Collected data:
◆ ◆ ◆ ◆ ◆ ◆ ◆

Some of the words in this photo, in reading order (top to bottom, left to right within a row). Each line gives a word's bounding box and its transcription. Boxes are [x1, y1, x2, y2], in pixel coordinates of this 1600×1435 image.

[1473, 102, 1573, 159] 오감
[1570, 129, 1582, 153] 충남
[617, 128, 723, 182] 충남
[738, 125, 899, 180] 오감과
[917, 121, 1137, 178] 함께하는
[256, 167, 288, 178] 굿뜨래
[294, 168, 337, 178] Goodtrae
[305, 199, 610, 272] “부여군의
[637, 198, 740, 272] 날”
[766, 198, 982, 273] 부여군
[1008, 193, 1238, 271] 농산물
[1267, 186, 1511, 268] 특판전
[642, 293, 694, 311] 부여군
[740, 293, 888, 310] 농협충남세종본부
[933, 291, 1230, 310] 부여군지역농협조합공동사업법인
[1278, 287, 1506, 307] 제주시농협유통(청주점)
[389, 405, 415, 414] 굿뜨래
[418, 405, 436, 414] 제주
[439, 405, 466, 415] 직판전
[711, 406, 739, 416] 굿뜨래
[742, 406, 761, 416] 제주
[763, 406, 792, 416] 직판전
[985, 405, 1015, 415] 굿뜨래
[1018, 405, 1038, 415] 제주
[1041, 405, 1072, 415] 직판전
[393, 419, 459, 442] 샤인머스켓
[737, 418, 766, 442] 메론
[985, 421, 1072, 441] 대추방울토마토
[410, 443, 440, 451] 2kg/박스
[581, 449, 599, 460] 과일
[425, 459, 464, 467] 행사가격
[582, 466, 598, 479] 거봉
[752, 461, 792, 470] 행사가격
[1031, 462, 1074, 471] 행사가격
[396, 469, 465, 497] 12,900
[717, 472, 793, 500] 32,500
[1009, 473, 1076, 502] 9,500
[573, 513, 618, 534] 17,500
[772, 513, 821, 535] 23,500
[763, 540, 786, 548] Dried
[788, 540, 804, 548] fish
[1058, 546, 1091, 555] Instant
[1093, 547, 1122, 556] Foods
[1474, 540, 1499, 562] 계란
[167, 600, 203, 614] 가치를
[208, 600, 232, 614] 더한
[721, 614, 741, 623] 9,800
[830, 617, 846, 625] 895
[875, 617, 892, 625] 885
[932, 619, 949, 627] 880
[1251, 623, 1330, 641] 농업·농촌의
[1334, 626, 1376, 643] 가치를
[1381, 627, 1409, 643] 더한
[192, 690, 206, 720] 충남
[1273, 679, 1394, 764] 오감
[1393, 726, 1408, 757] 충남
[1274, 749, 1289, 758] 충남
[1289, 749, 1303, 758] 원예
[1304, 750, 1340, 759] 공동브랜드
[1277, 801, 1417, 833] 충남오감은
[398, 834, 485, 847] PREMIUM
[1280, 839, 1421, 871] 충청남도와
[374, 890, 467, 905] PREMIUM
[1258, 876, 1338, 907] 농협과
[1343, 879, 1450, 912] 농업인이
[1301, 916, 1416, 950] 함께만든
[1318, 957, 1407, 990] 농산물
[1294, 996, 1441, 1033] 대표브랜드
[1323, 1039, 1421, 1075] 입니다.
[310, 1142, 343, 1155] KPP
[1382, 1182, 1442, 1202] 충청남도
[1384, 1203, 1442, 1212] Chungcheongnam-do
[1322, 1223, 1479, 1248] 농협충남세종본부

◆ ◆ ◆ ◆ ◆ ◆ ◆

All the lines above should come back exactly as written.

Some of the words in this photo, in reading order (top to bottom, left to right within a row). Each line gives a word's bounding box and its transcription. Boxes are [x1, y1, x2, y2], in pixel coordinates of this 1600×1435 image.

[1473, 102, 1573, 159] 오감
[1570, 129, 1582, 153] 충남
[617, 128, 723, 182] 충남
[738, 125, 899, 180] 오감과
[917, 121, 1137, 178] 함께하는
[256, 167, 288, 178] 굿뜨래
[294, 168, 337, 178] Goodtrae
[305, 199, 610, 272] “부여군의
[637, 198, 740, 272] 날”
[766, 198, 982, 273] 부여군
[1008, 193, 1238, 271] 농산물
[1267, 186, 1511, 268] 특판전
[642, 293, 694, 311] 부여군
[740, 293, 888, 310] 농협충남세종본부
[933, 291, 1230, 310] 부여군지역농협조합공동사업법인
[1278, 287, 1506, 307] 제주시농협유통(청주점)
[389, 405, 415, 414] 굿뜨래
[418, 405, 436, 414] 제주
[439, 405, 466, 415] 직판전
[711, 406, 739, 416] 굿뜨래
[742, 406, 761, 416] 제주
[763, 406, 792, 416] 직판전
[985, 405, 1015, 415] 굿뜨래
[1018, 405, 1038, 415] 제주
[1041, 405, 1072, 415] 직판전
[393, 419, 459, 442] 샤인머스켓
[737, 418, 766, 442] 메론
[985, 421, 1072, 441] 대추방울토마토
[410, 443, 440, 451] 2kg/박스
[581, 449, 599, 460] 과일
[425, 459, 464, 467] 행사가격
[582, 466, 598, 479] 거봉
[752, 461, 792, 470] 행사가격
[1031, 462, 1074, 471] 행사가격
[396, 469, 465, 497] 12,900
[717, 472, 793, 500] 32,500
[1009, 473, 1076, 502] 9,500
[573, 513, 618, 534] 17,500
[772, 513, 821, 535] 23,500
[763, 540, 786, 548] Dried
[788, 540, 804, 548] fish
[1058, 546, 1091, 555] Instant
[1093, 547, 1122, 556] Foods
[1474, 540, 1499, 562] 계란
[167, 600, 203, 614] 가치를
[208, 600, 232, 614] 더한
[721, 614, 741, 623] 9,800
[830, 617, 846, 625] 895
[875, 617, 892, 625] 885
[932, 619, 949, 627] 880
[1251, 623, 1330, 641] 농업·농촌의
[1334, 626, 1376, 643] 가치를
[1381, 627, 1409, 643] 더한
[192, 690, 206, 720] 충남
[1273, 679, 1394, 764] 오감
[1393, 726, 1408, 757] 충남
[1274, 749, 1289, 758] 충남
[1289, 749, 1303, 758] 원예
[1304, 750, 1340, 759] 공동브랜드
[1277, 801, 1417, 833] 충남오감은
[398, 834, 485, 847] PREMIUM
[1280, 839, 1421, 871] 충청남도와
[374, 890, 467, 905] PREMIUM
[1258, 876, 1338, 907] 농협과
[1343, 879, 1450, 912] 농업인이
[1301, 916, 1416, 950] 함께만든
[1318, 957, 1407, 990] 농산물
[1294, 996, 1441, 1033] 대표브랜드
[1323, 1039, 1421, 1075] 입니다.
[310, 1142, 343, 1155] KPP
[1382, 1182, 1442, 1202] 충청남도
[1384, 1203, 1442, 1212] Chungcheongnam-do
[1322, 1223, 1479, 1248] 농협충남세종본부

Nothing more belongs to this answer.